What a tough decision to make...I couldn't decide between Juan Valdez and the Seat Belt Dummies. Maybe I'll go back and vote for Juan tomorrow.
I voted for the Seat Belt Dummies. Does anyone remember the toy line that came out of those commercials? My brother had the car and the two dummys.
Anyway, I also voted for "when you care enough to send the very best"-Hallmark. That was a great slogan...totally made you feel guilty/cheap to send anything else! I'm sure it had a few people turning the card over to check if it was a Hallmark.

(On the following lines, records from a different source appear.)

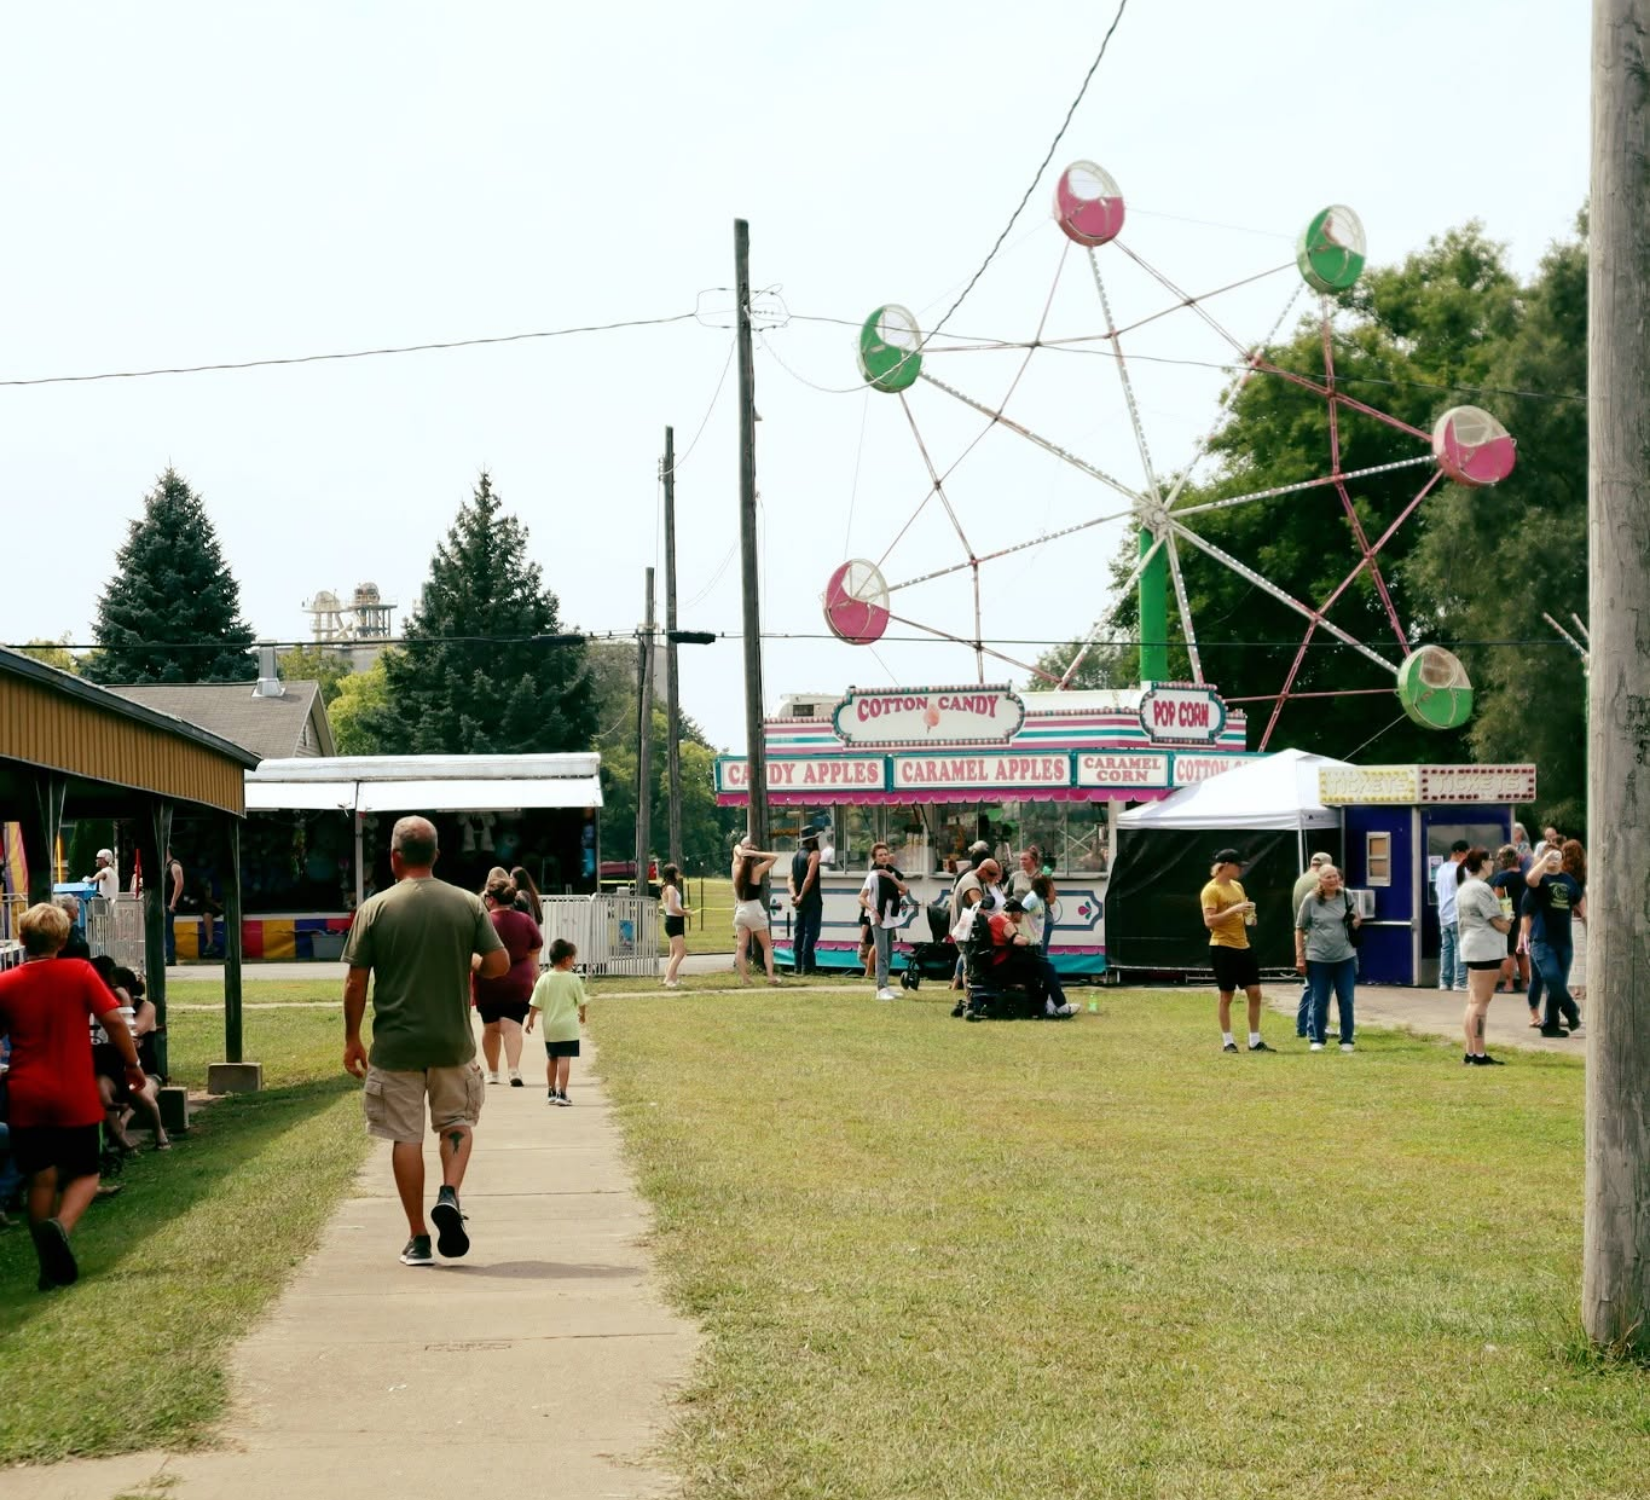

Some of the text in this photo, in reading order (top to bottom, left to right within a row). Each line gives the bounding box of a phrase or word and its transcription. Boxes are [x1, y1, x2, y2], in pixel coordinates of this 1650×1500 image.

[857, 694, 999, 722] COTTON CANDY
[1153, 700, 1209, 728] POP CORN
[728, 762, 879, 785] CADY APPLES
[902, 758, 1065, 783] CARAMEL APPLES
[1084, 757, 1161, 770] CARAMEL
[1096, 770, 1149, 782] CORN
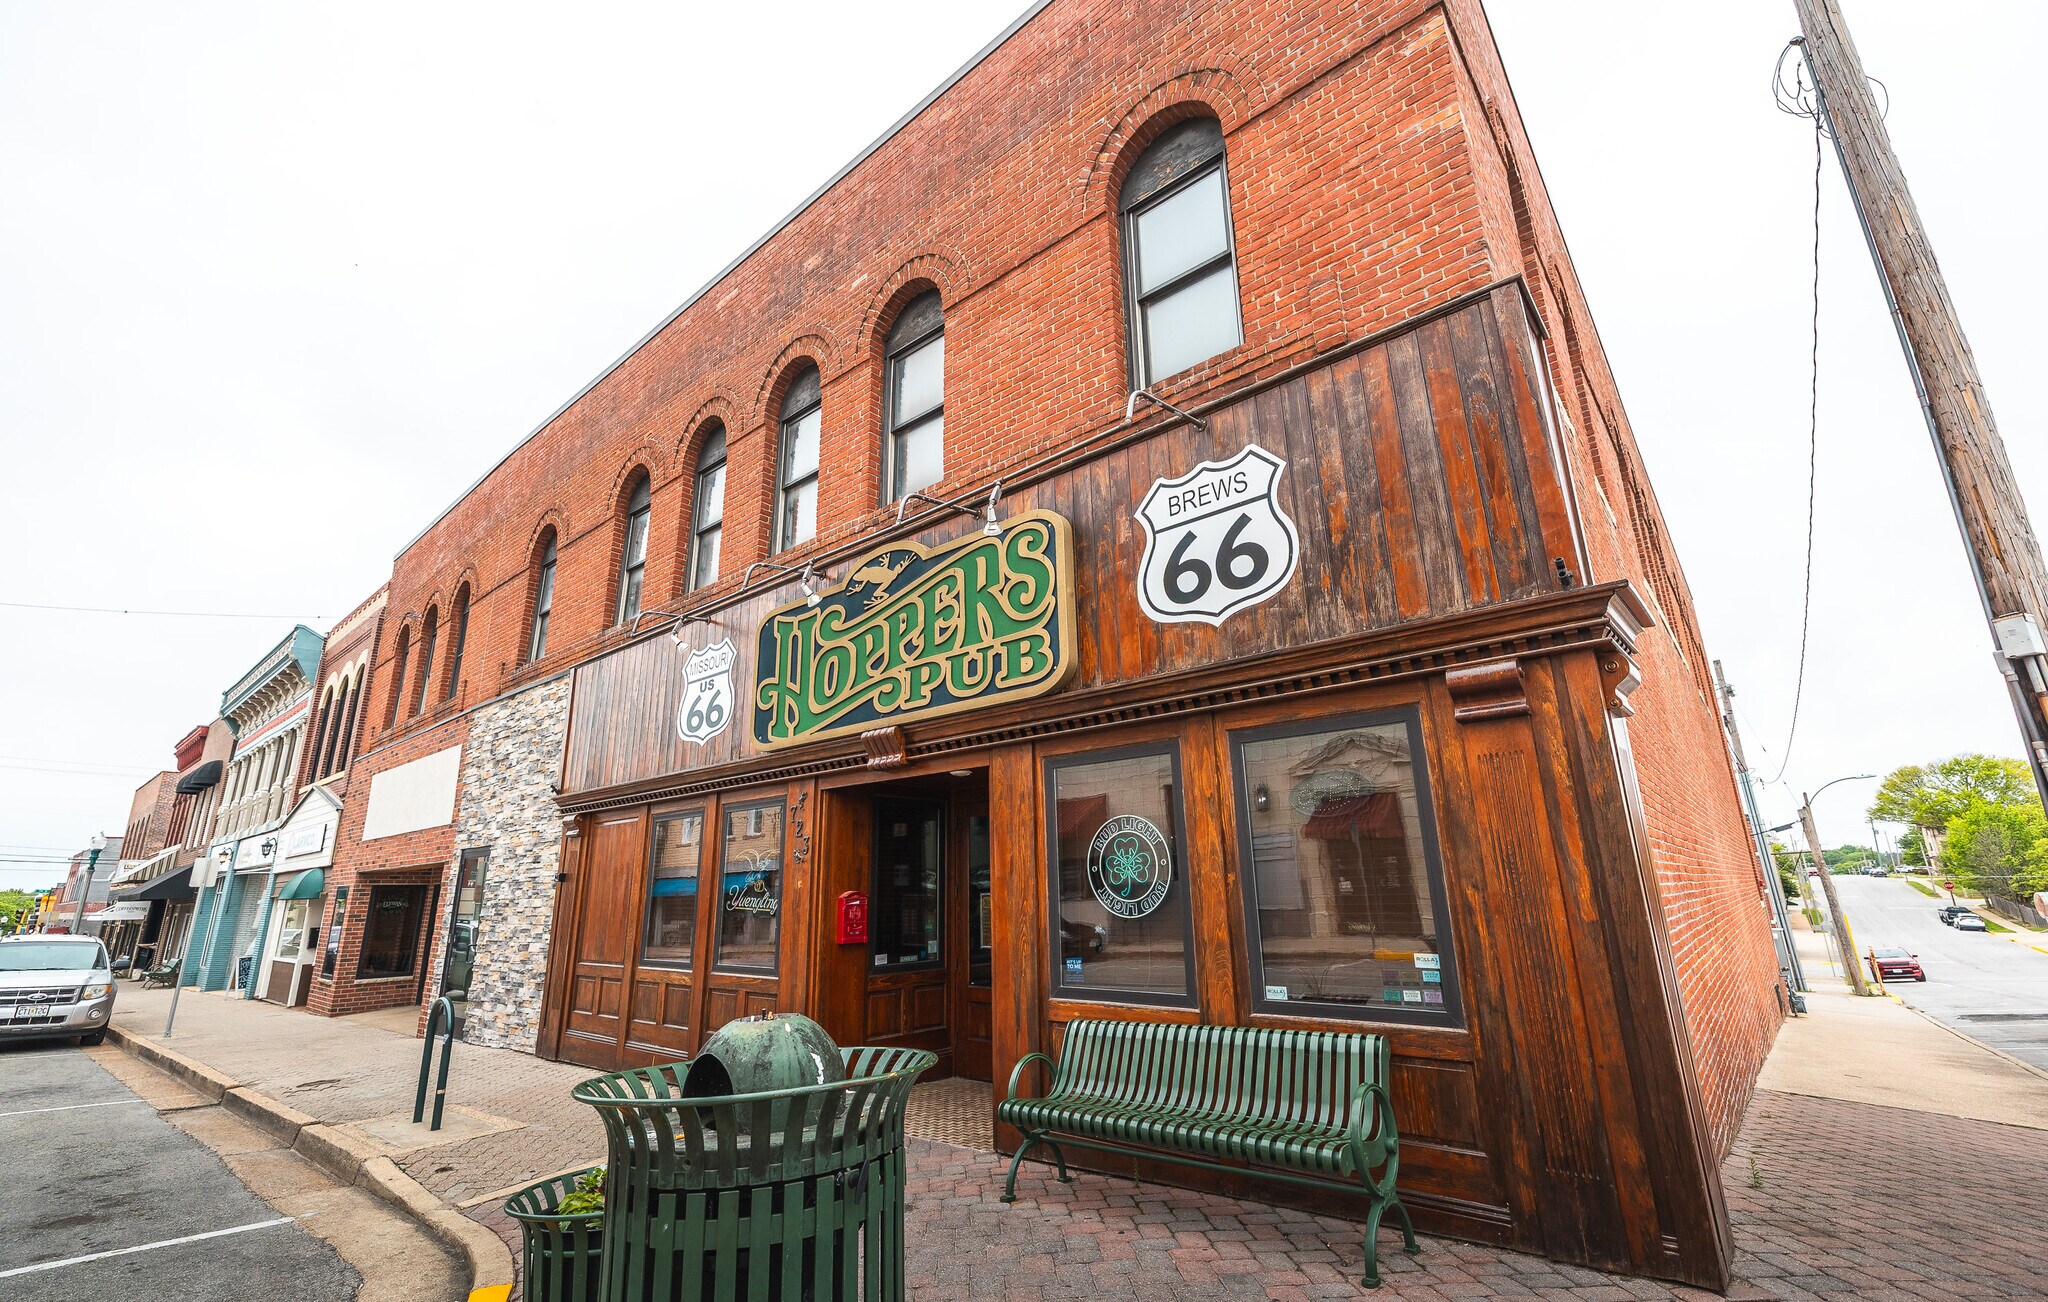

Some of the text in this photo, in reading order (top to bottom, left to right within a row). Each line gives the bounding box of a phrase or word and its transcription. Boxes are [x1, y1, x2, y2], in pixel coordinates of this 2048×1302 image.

One of my all-time favorites has to be the "Marshmallowed Meatballs". The other is for Great White fax paper, with the guy standing there holding the fax dangling from the sheet of paper saying "Son, hide this...." On the radio, an ad I DO like is for a local volvo dealer, which involves the announcer doing a long series of very clever puns on one particular theme extolling the virtues of this particular dealer & the car. If I had the money to buy a volvo, & were in the market, I might even consider them. But not the idiots bellowing about "PARTY WITH THE BIG DOGS - ". I liked the Frank Perdue ads ... he looked so much like one of his own chickens. I loved a KalKan ad for cat food, which featured a tiny kitten popping around with a relatively large ping-pong ball, then cut to a lion galumphing with a beach ball - which it accidently ruptures, and the ad ends with the lion sniffing the ground & the flat beachball. Very clever.
Here's the final 2005 winners:
Icons--- Juan Valdez and the Geico Gecko.
Slogans--- "Imagination at work" (General Electric) and "When You Care Enough To Send The Very Best" (Hallmark)
Looks like S.Rod (comment #12) is a prophet. Or is accurately tapped into the American consciousness. :)
Heck yeah!! I'm glad I went back to vote for Juan! Do I get a prize for picking the winners??? ;)
Your prize is a 7-day cruise to Cozumel, Mexico and the Cayman Islands!
Please note: You might have to pay for some of the trip. :)


Mark Sahm is a creative soul lurking around New York City. 



Advertising is a violation of every individual's right to privacy. All advertisers should flame in eternal hell with their own damned ads eternally & unrelentingly screaming at them.